The remains of William Joseph Lewis of Peru, Indiana, were found by a hunter in rural northwestern Indiana’s Jasper County in October 1983, but the identification only came recently when a forensics company made a DNA testing match to his family, officials announced Thursday.

Lewis was last seen by his family at a friend’s funeral in Houston, Texas, and planned to hitchhike home when he disappeared, Jasper County Coroner Andy Boersma said.

Eyler confessed to at least 20 killings before dying in an Illinois prison in 1994, where he was on death row for the 1984 murder of 15-year-old Danny Bridges of Chicago.

He told his attorney about picking up a young man in 1982 along U.S. 41 near Vincennes in southwestern Indiana, killing him and dumping his body in a field near Rensselaer, about 70 miles (112 kilometers) southeast of Chicago, Boersma said.

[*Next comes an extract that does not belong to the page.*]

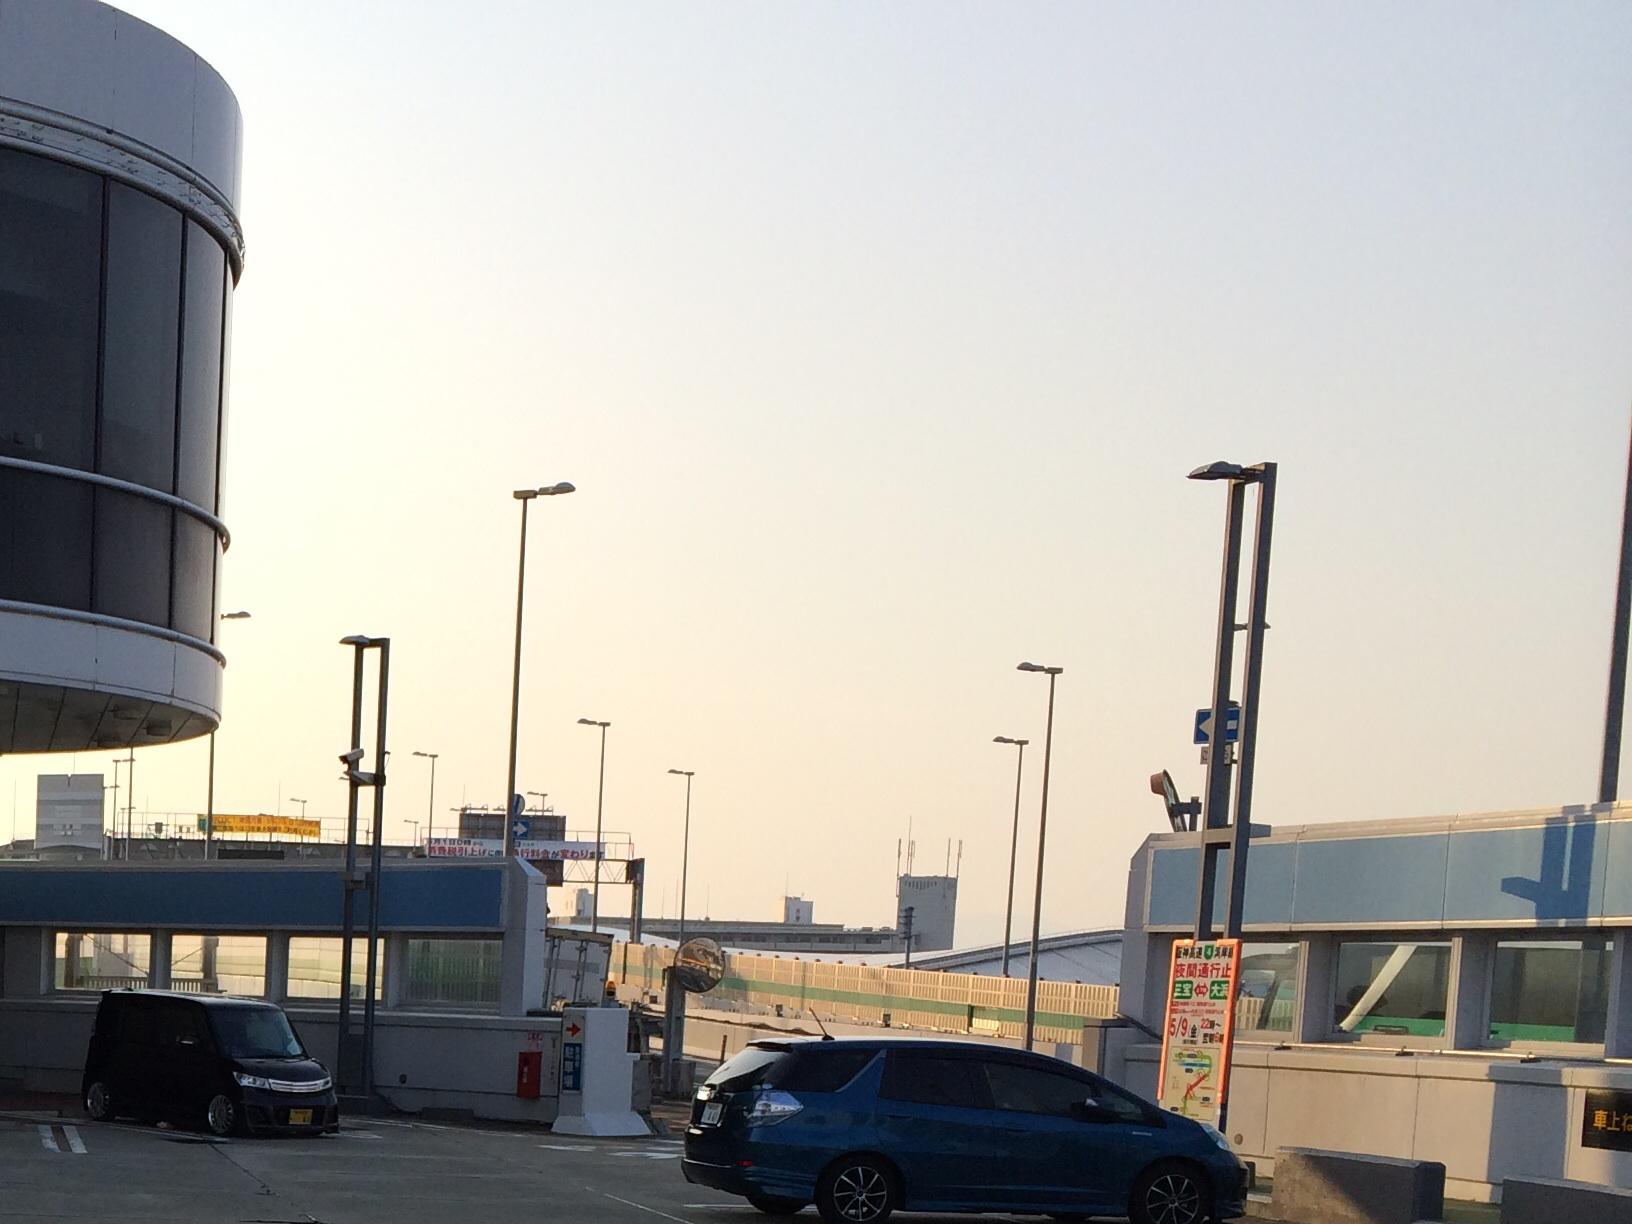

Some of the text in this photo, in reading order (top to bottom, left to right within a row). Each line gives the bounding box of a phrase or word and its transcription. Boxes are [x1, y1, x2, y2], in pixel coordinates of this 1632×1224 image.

Joshua Shuck, a nephew of Lewis, said his grandmother never gave up hope that he was still alive until she died last year.

Shuck, who was born after his uncle disappeared, said the family was grateful that investigators and others never gave up trying to make an identification.

Officials had announced in April that remains of another Eyler victim found in northwestern Indiana in 1983 were identified through genetic genealogy as John Ingram Brandenburg Jr. of Chicago.

Brandenburg was among four young men found on an abandoned farm in rural Lake Village in October 1983, according to the Newton County Coroner’s Office. Two others, Michael Bauer and John Bartlett, had already been identified, leaving one victim nameless.